┌────────
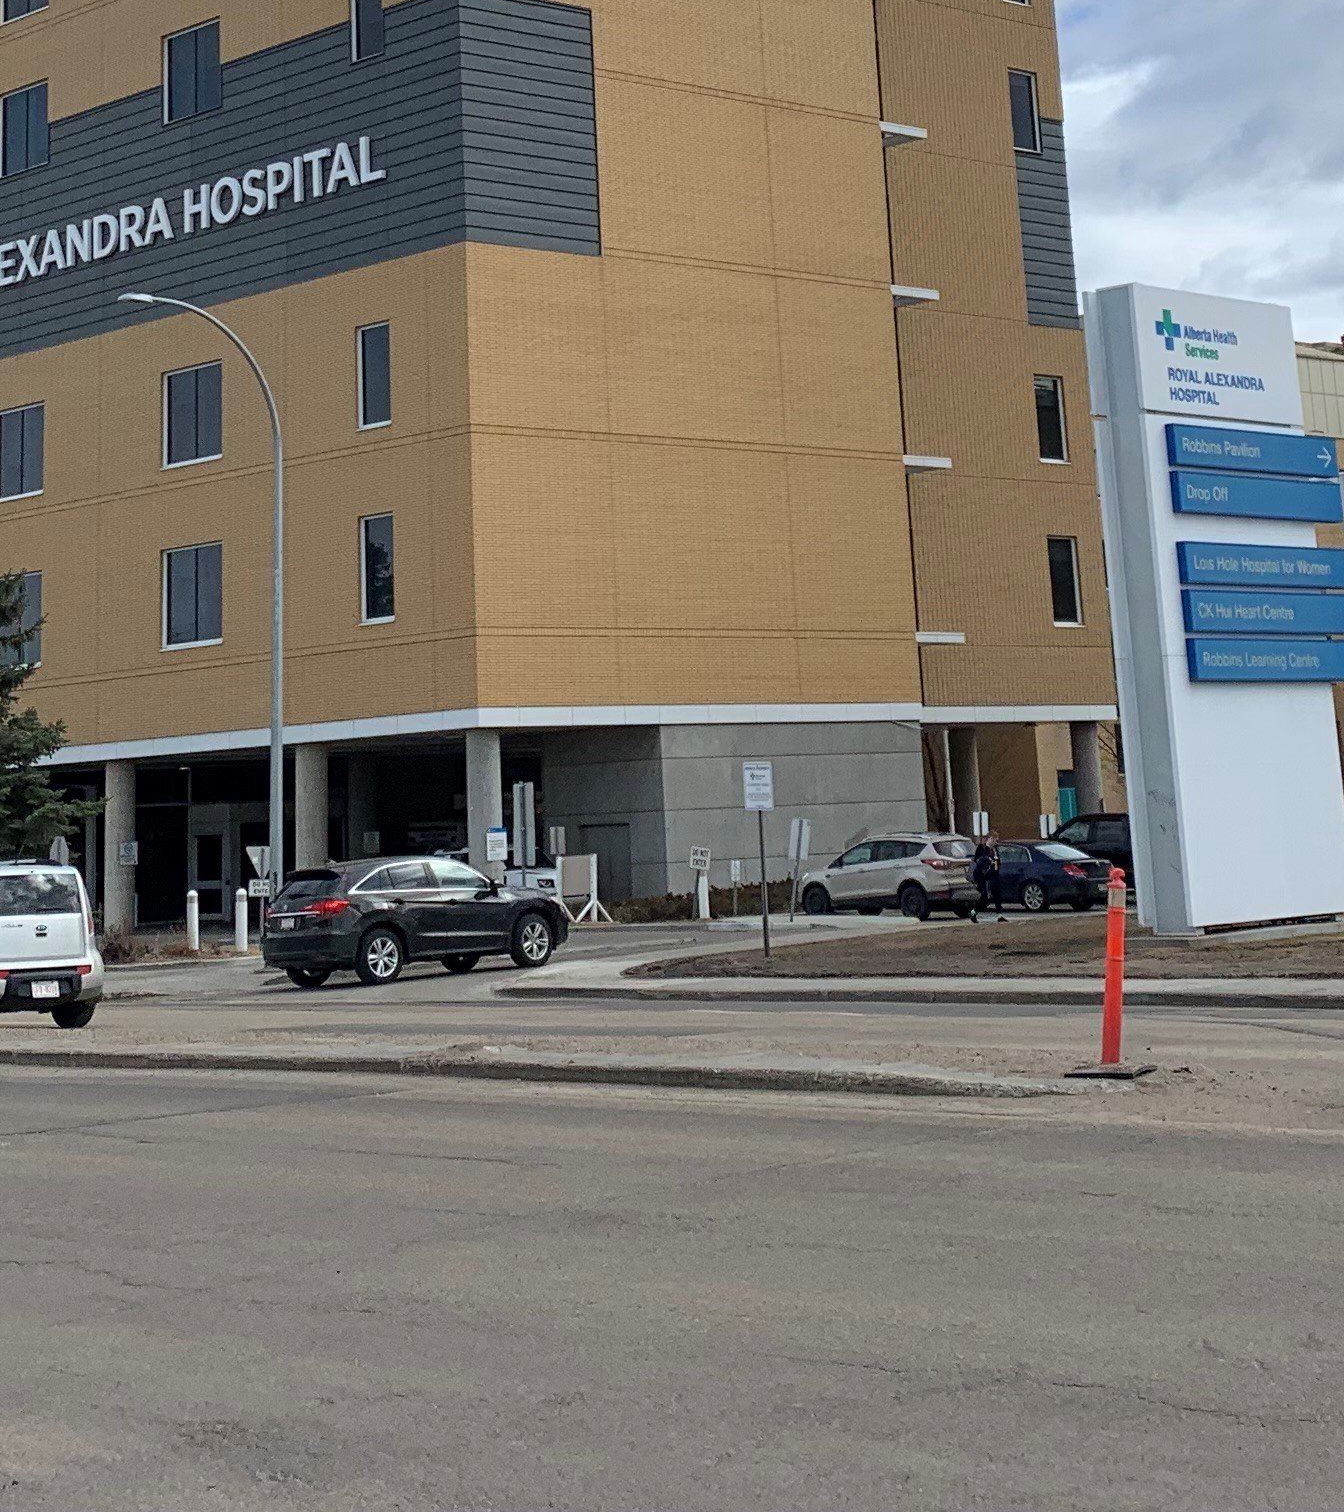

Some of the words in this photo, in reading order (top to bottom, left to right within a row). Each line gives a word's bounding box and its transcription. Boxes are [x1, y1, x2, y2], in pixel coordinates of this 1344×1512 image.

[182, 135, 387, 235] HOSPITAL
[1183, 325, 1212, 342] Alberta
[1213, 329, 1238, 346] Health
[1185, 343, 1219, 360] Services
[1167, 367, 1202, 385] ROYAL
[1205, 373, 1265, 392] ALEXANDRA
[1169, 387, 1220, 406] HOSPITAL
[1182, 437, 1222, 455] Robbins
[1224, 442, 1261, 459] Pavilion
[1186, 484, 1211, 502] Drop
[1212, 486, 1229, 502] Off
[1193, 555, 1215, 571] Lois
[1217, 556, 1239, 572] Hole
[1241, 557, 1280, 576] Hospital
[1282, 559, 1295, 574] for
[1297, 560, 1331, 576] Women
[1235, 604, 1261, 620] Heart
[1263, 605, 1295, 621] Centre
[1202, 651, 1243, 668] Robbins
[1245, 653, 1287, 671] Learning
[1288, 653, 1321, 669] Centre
└────────
Required work: Would you print all of the entries exactly, omitting any image?

Answer to this task:
Some of the words in this photo, in reading order (top to bottom, left to right within a row). Each line gives a word's bounding box and its transcription. Boxes are [x1, y1, x2, y2], in pixel coordinates of this 1344×1512 image.

[182, 135, 387, 235] HOSPITAL
[1183, 325, 1212, 342] Alberta
[1213, 329, 1238, 346] Health
[1185, 343, 1219, 360] Services
[1167, 367, 1202, 385] ROYAL
[1205, 373, 1265, 392] ALEXANDRA
[1169, 387, 1220, 406] HOSPITAL
[1182, 437, 1222, 455] Robbins
[1224, 442, 1261, 459] Pavilion
[1186, 484, 1211, 502] Drop
[1212, 486, 1229, 502] Off
[1193, 555, 1215, 571] Lois
[1217, 556, 1239, 572] Hole
[1241, 557, 1280, 576] Hospital
[1282, 559, 1295, 574] for
[1297, 560, 1331, 576] Women
[1235, 604, 1261, 620] Heart
[1263, 605, 1295, 621] Centre
[1202, 651, 1243, 668] Robbins
[1245, 653, 1287, 671] Learning
[1288, 653, 1321, 669] Centre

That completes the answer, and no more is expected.